In order to test ALU modules working on 2 n -bit integer values, we need two 2 n -bit vectors, the input carry bit and the operation code. These test vectors can be generated by accumulating a 4 n -bit constant that is than divided into two 2 n -bit values (S1 and S2). Each pair of 2 n -bit test vectors, Z and W, is generated using two additions executed by the ALU. Considering I to be the loop index, Zi is first generated by adding S1 to Zi-1 with the InputCarry=0. Next, Wi is generated in a similar way. The yielding code of the ALU code is obtained with the exclusive sum of Z and W shifted left once. These generated test vectors, Z and W, are then applied to the ALU. The test programs are usually very short and no other test data needs to be stored. They are executed at the full system speed. These are easily parametrized, enabling them to be used in a wide range of applications.
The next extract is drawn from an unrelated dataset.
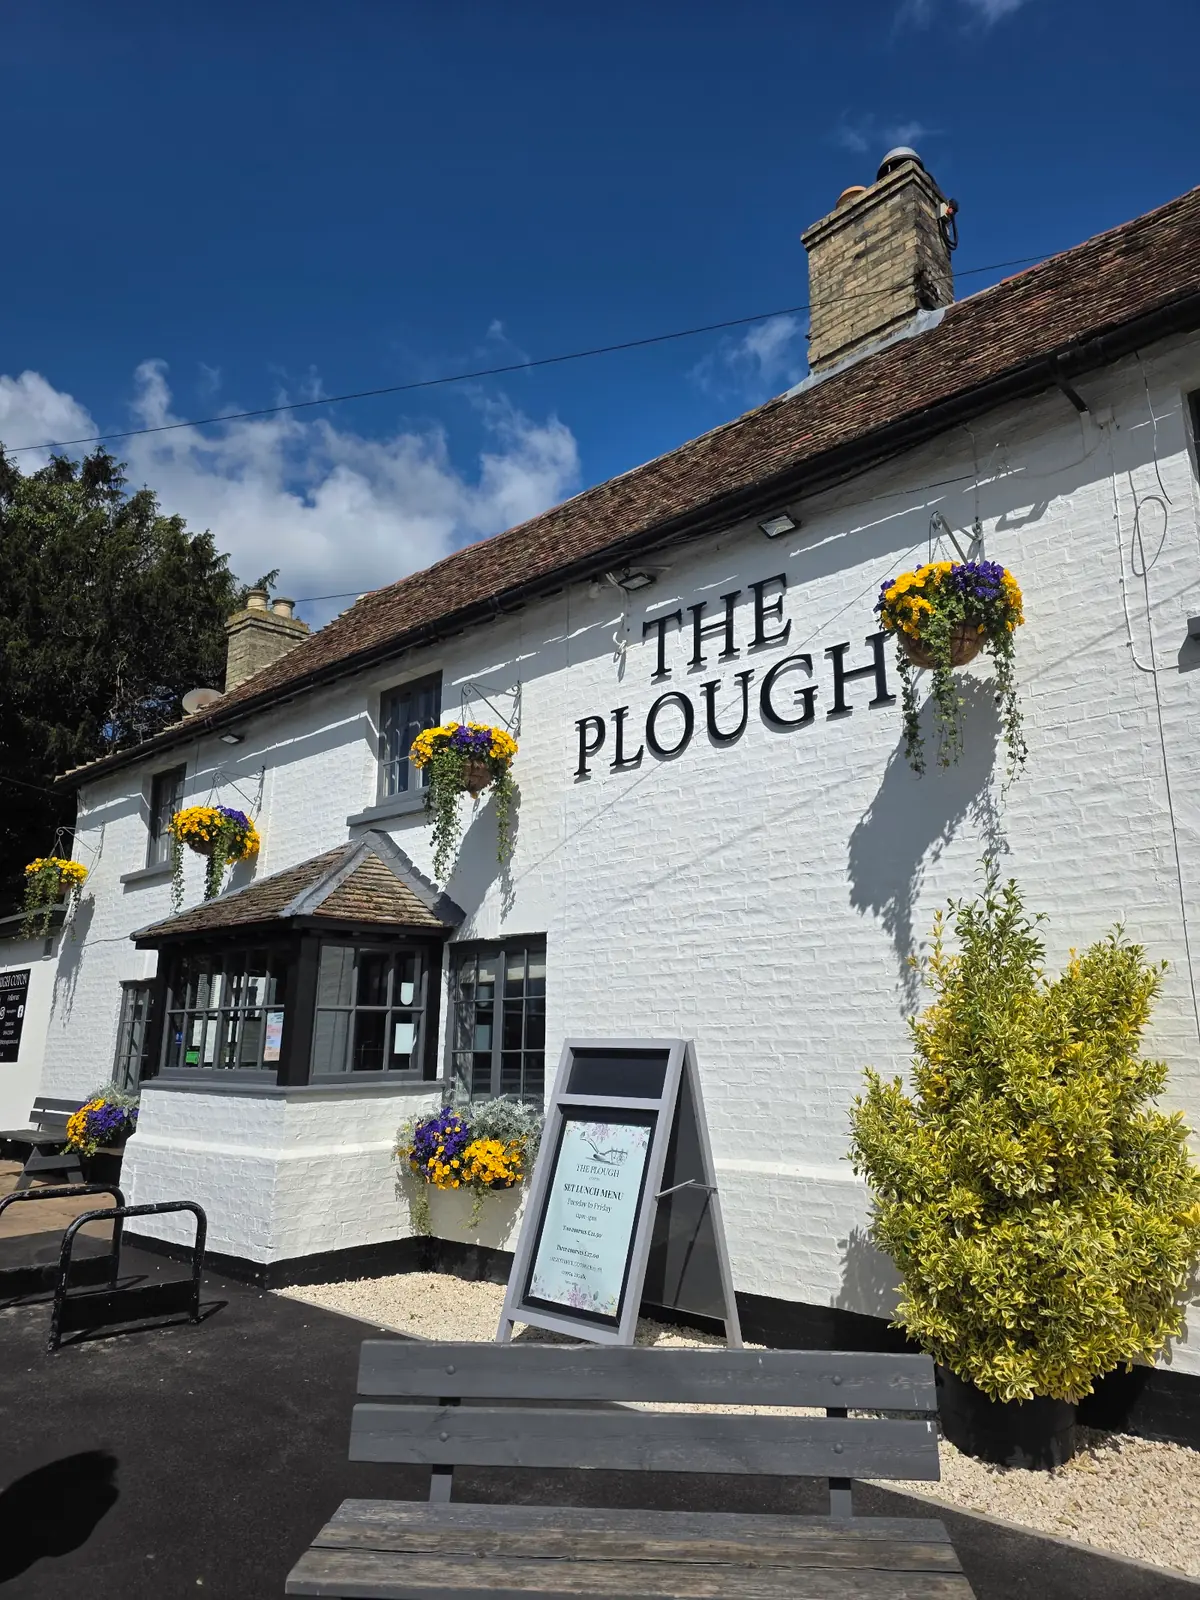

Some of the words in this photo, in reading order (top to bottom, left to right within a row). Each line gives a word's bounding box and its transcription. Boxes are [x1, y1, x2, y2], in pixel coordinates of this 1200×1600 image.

Besides implementing the above method on the processors described in the sections above, we have also implemented a custom testing method by developing codes for Proportional and a PID system controller. A sample of the implemented PID algorithm is given in Fig. 5 . In order to assure comparable results, the input signal measurements and the command signal generation have been considered to be achievable only by one I/O instruction execution. The SLP, SCC and the PicoBlaze all gave similar results, as presented in Table 1 (Fmax of the Spartan3E board used, Digilent Nexys3 is 100 MHz, while the Fmax values in the table are given after VHDL synthesis by the Xilinx development tools), while the EMMC goes slightly above them in certain code snippets. This happens when the EMCC find an instruction block with no data dependencies, therefore the two pipelines can be kept filled and no stall events occur. As the other three architectures do not have pipelined structures, the execution time, in these cases, is a measure of the efficiency of the design (number of clock cycles per instruction (CPI) and the diversity of the instruction set) and the maximum achievable speed of the yielded circuit inside the XC3S250E Xilinx Spartan FPGA. 
Conclusions
During our study we have implemented two custom processor cores (SLP and EMMC) using VHDL, and tested another two (SCC and Xilinx PicoBlaze), all for FPGA implementation. The integer operation test of the ALU components showed, that the most important factor in mathematical calculations intensive applications is the CPI value. On the other hand, during the P controller test we have observed, that the EMMC pipelines were stalled, as the code had many instruction blocks with data dependencies. All in all, we would argue, that all these all the processor architectures presented and tested in this paper can be successfully used in FPGA implemented application, where task distribution to several instances of these cores promise performance enhancements. The SCC and PicoBlaze are the most efficient when it comes to simple algorithms that have many data-inter-dependent code blocks, while the EMCC's main advantage is the parallelization capability. The SLP is the slowest in terms of CPI, but can be put to use well in highly recursive algorithms, due to its deep stack, while having the largest set of peripherals available.